Task brief -
Print all the records below exactly as they stand, but leave out the pictures.

######

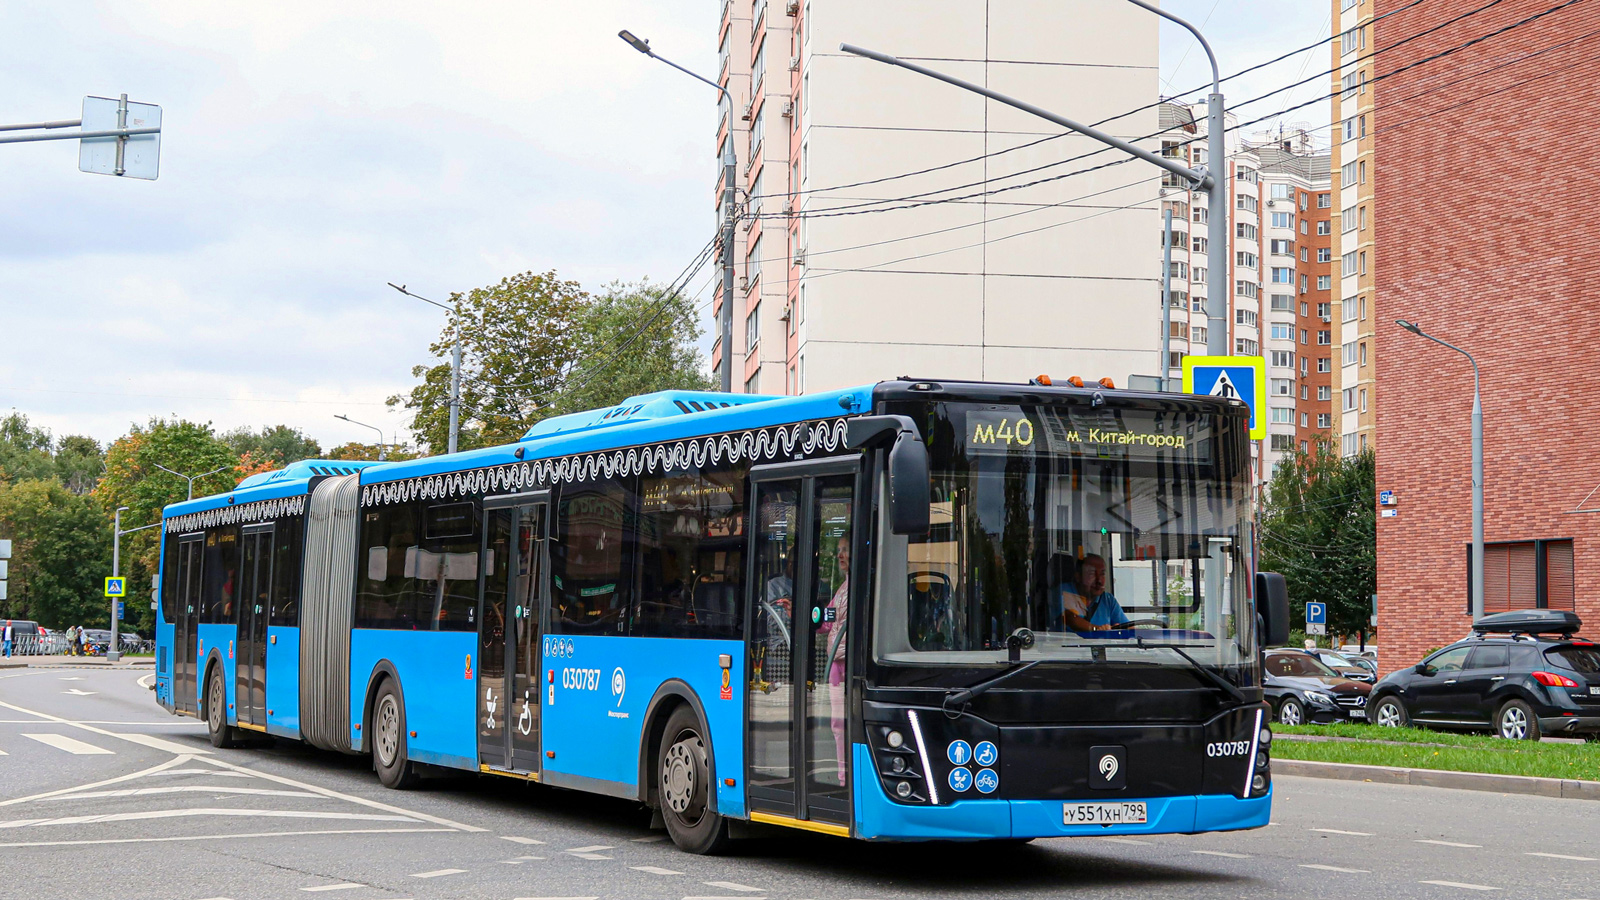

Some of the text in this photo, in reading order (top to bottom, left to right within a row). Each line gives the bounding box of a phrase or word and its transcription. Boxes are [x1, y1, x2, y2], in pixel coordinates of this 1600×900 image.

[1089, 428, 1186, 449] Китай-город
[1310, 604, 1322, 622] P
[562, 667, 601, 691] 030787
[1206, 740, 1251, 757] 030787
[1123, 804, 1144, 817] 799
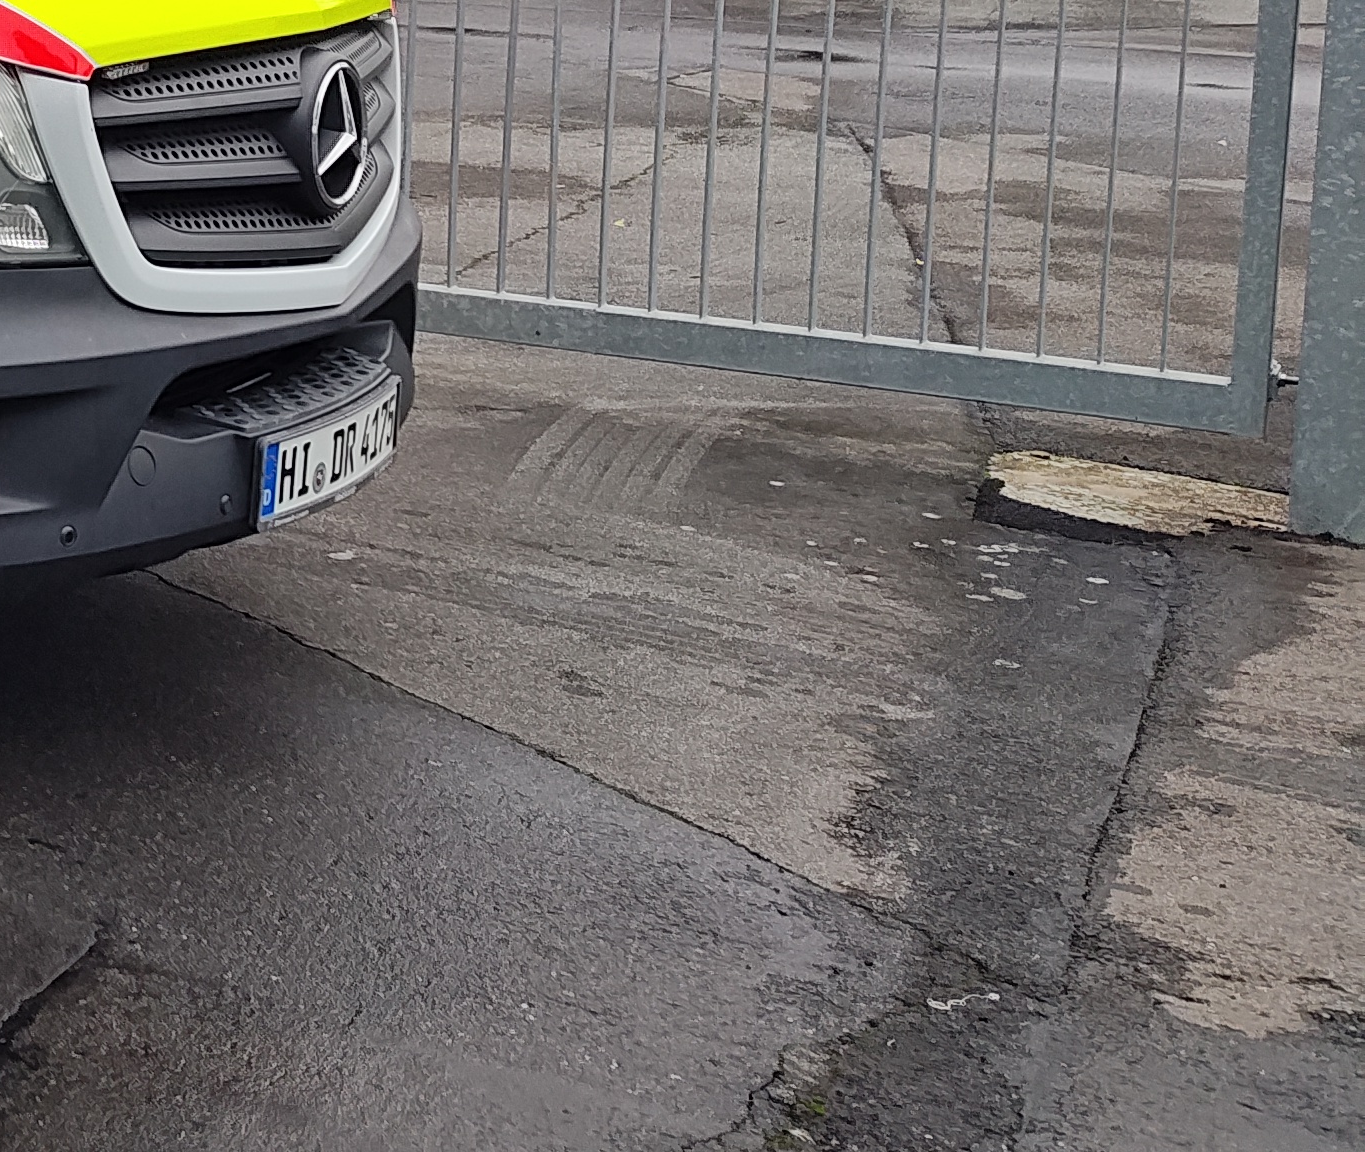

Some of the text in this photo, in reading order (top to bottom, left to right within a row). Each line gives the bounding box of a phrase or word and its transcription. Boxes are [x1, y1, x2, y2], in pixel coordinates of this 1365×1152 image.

######

Response below -
Some of the text in this photo, in reading order (top to bottom, left to right within a row). Each line gives the bounding box of a phrase or word and its transcription. Boxes are [x1, y1, x2, y2], in pixel coordinates of this 1600×900 image.

[1089, 428, 1186, 449] Китай-город
[1310, 604, 1322, 622] P
[562, 667, 601, 691] 030787
[1206, 740, 1251, 757] 030787
[1123, 804, 1144, 817] 799

Some of the text in this photo, in reading order (top to bottom, left to right within a row). Each line gives the bounding box of a phrase or word and its transcription. Boxes are [x1, y1, x2, y2], in pixel coordinates of this 1365×1152 image.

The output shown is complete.